In 2010, online game designer and author Jane McGonigal gave a TED talk titled "Gaming can make a better world". A couple of minutes into the talk she introduces the idea of an "epic win". This apparently is a known phenomenon to serious gamers. Here's what she says about the phenomenon: An epic win is an outcome that is so extraordinarily positive, you had no idea it was even possible until you achieved it. It was almost beyond the threshold of imagination, and when you get there, you're shocked to discover what you're truly capable of. That's an epic win.
From the perspective of life as a game, I'd say an epic win is analogous to what is known as Enlightenment, Awakening, Self-realisation, Christ consciousness or whatever name is used to refer to the life changing shift in identification that can happen to any one.
Spiritual seekers have a different goal from the usual game of life players. I often refer to the goal as coming to full fruition, which means the end of identification with the individual self. Or maybe we could say, the ego overthrows itself. Whatever language or metaphors we use to communicate about this process, the game is the same, a coming to the end of our personal falsity.
With the change of goal, the rules and the tools of the game change. The rules, meaning the kinds of activities we involve ourselves in and what we value changes. For example, comparing ourselves to others becomes redundant.
By tools I mean the skills we develop, such as: meditation, self-inquiry, learning to be alone, prayer and so on.
Amongst the tools favoured in the TAT family are: reverse from untruth, spend time alone, examine your motivations and assumptions, become focussed on your main desire, befriend others who are on the path, and so on.
Jane McGonigal goes on in her talk to speak about the conditions necessary for reaching the verge of this "epic win" state.
Her list of criteria includes extreme self-motivation, "urgent optimism" which she defines as willingness to tackle a problem or obstacle coupled with a reasonable hope of achieving your aim, and to do it NOW. "Gamers don't wait around", she says.
If we applied these criteria to our spiritual seeking it would certainly up our game, and I can say that for myself, when I became really really motivated and was thinking about something to do with this work or practicing something all day, every day, that was when things began to happen. And when things began to happen I became optimistic about a final outcome or at least progress in the direction I had chosen to focus my life.
The question is how to get your motivation going.
Spiritual seeking is the ultimate single-player game.
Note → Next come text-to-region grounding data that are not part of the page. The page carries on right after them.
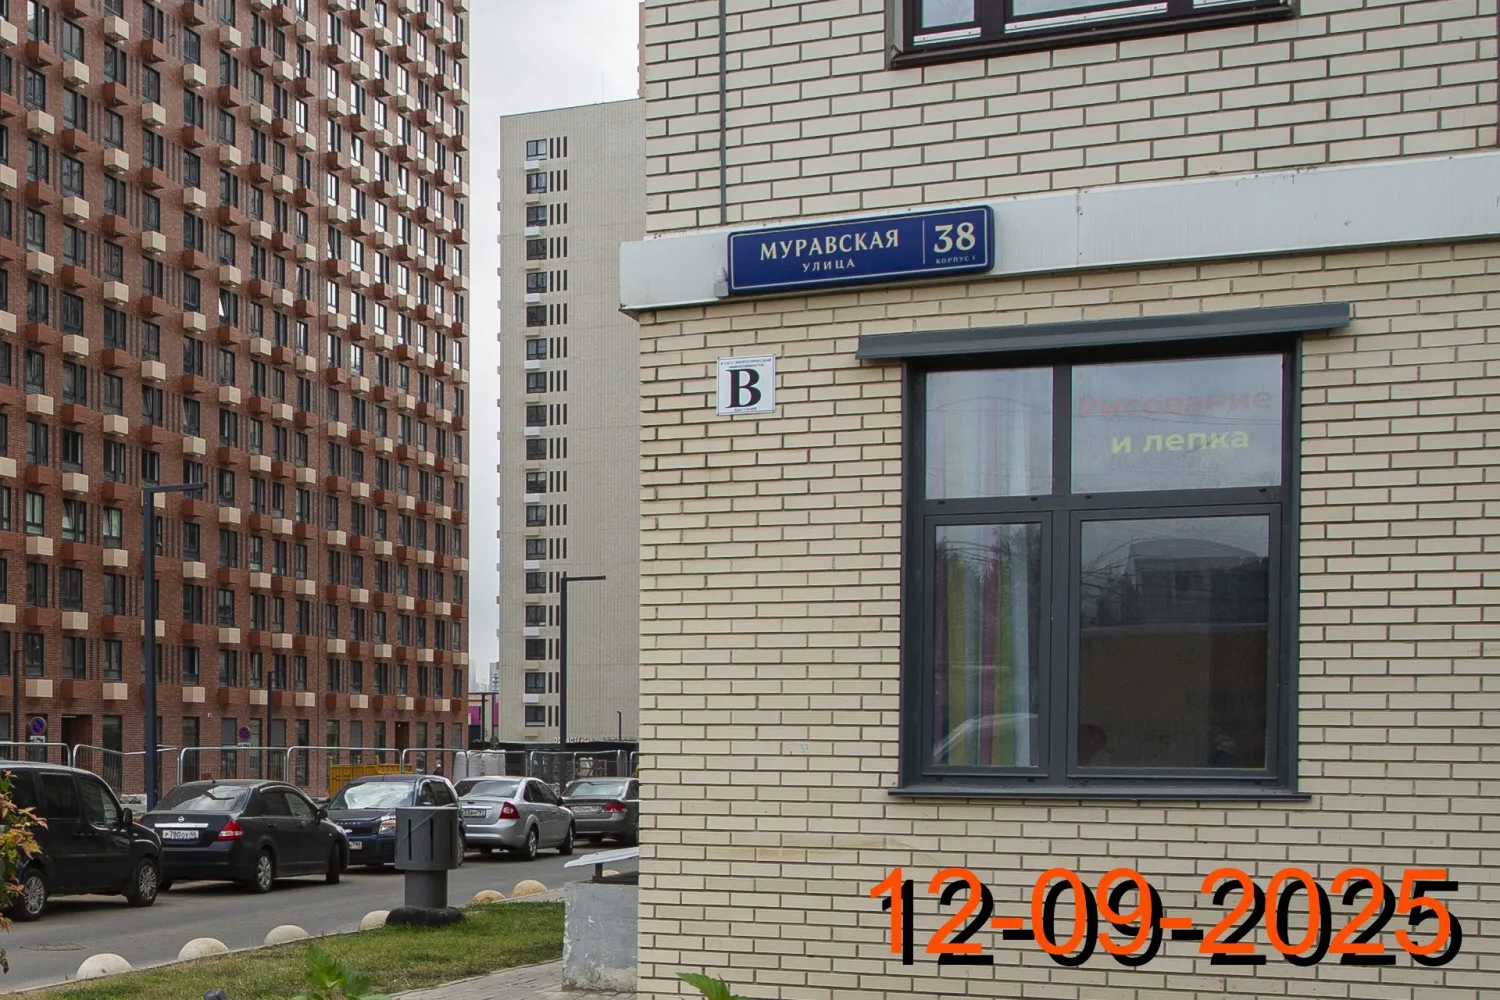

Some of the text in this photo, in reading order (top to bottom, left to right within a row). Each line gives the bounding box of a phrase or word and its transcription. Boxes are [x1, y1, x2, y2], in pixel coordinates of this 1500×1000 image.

[760, 229, 899, 261] МУРАВСКАЯ
[933, 221, 976, 253] 38
[803, 258, 855, 273] УЛИЦА
[936, 255, 970, 264] КОРПУС
[1078, 391, 1273, 419] Рисование
[1111, 430, 1249, 454] и лепка
We are not competing against anyone else. Our adversary is our conditioning, our misidentification with our worldly aspect.
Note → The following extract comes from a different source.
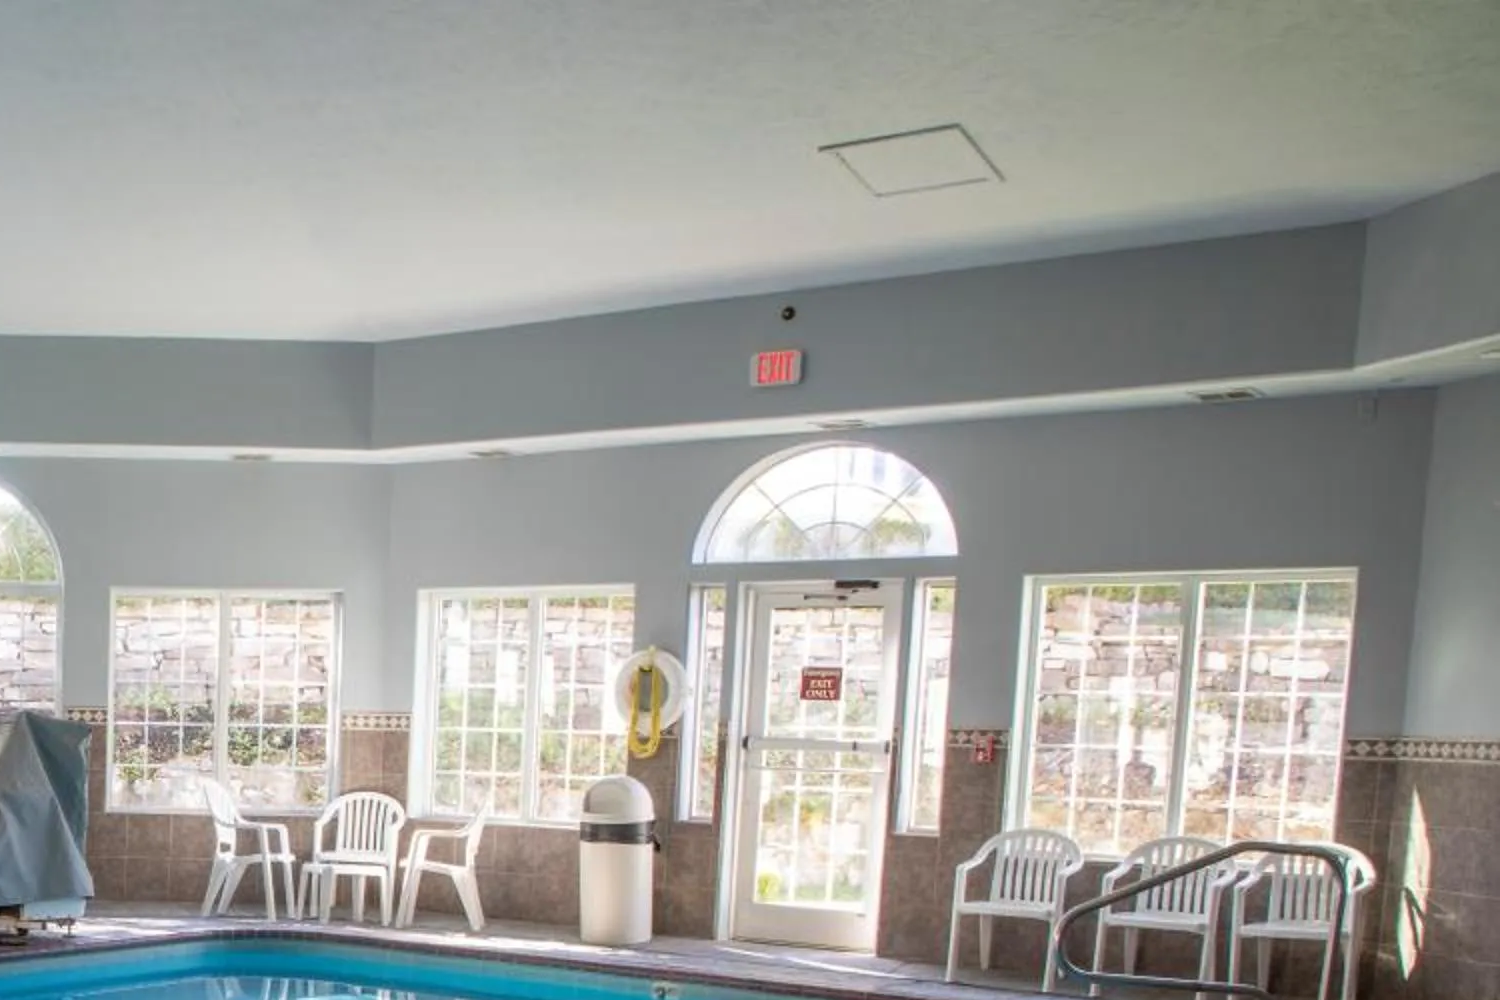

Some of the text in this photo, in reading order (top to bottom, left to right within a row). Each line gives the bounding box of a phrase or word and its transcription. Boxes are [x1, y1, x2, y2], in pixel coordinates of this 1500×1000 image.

The question is can you identify what games you play and why. Becoming able to see your own game play gives you some distance from it. You can become the observer of your own survival strategies and in that process come see that you are not the player of games.
To finish up, very briefly, I googled "skills for gaming" and selected a few that might be useful for our game, the game of self-realisation.
Learn from Others
Get "In The Zone"
Stay Away From Sugar, Caffeine, and Alcohol
Control of your Psychological State
Learning to Be Patient and Hard-Working
Develop the right degree of OCD
Work to a long-term plan
Persevere in the face of overwhelming frustration
Learn to juggle complicated choices
*
~ Thanks to TAT member and teacher Tess Hughes. Tess is the author of This Above All: A Journey of Self-Discovery. Anyone who's interested in self-inquiry activity in Ireland is welcome to contact her by .
Downloadable/rental versions of the Mister Rose video and of April TAT talks Remembering Your True Desire:
"You don't know anything until you know Everything...." Mister Rose is an intimate look at a West Virginia native many people called a Zen Master because of the depth of his wisdom and the spiritual system he conveyed to his students. Profound and profane, Richard Rose was not the kind of man most people picture when they think of mystics or spiritual teachers. Yet, he was the truest of teachers, one who had "been there," one who had the cataclysmic experience of spiritual enlightenment. Filmed in the spring of 1991, the extraordinary documentary follows Mr. Rose from a radio interview, to a university lecture and back to his farm, as he talks about his experience, his philosophy and the details of his life. Whether you find him charming or offensive, fatherly or fearsome, you will not forget him, and never again will you think about yourself, reality, or life after death in quite the same way. 3+ hours total. Rent or buy at tatfoundation.vhx.tv/.
2012 April TAT Meeting Remembering Your True Desire Includes all the speakers from the April 2012 TAT meeting: Art Ticknor, Bob Fergeson, Shawn Nevins and Heather Saunders.
1) Remembering Your True Desire ... and Acting on It, by Art Ticknor
2) Swimming in the Inner Ocean: Trips to the Beach, by Bob Fergeson
3) A Wider and Wilder Vision, by Shawn Nevins
4) Make Your Whole Life a Prayer, by Heather Saunders 5+ hours total. Rent or buy at tatfoundation.vhx.tv/.
Return to the main page of the March 2020 TAT Forum.
Reader CommentaryEncouraging interactive readership among TAT members and friends
What differentiates a "serious seeker" from a "seeker"? Which one are you?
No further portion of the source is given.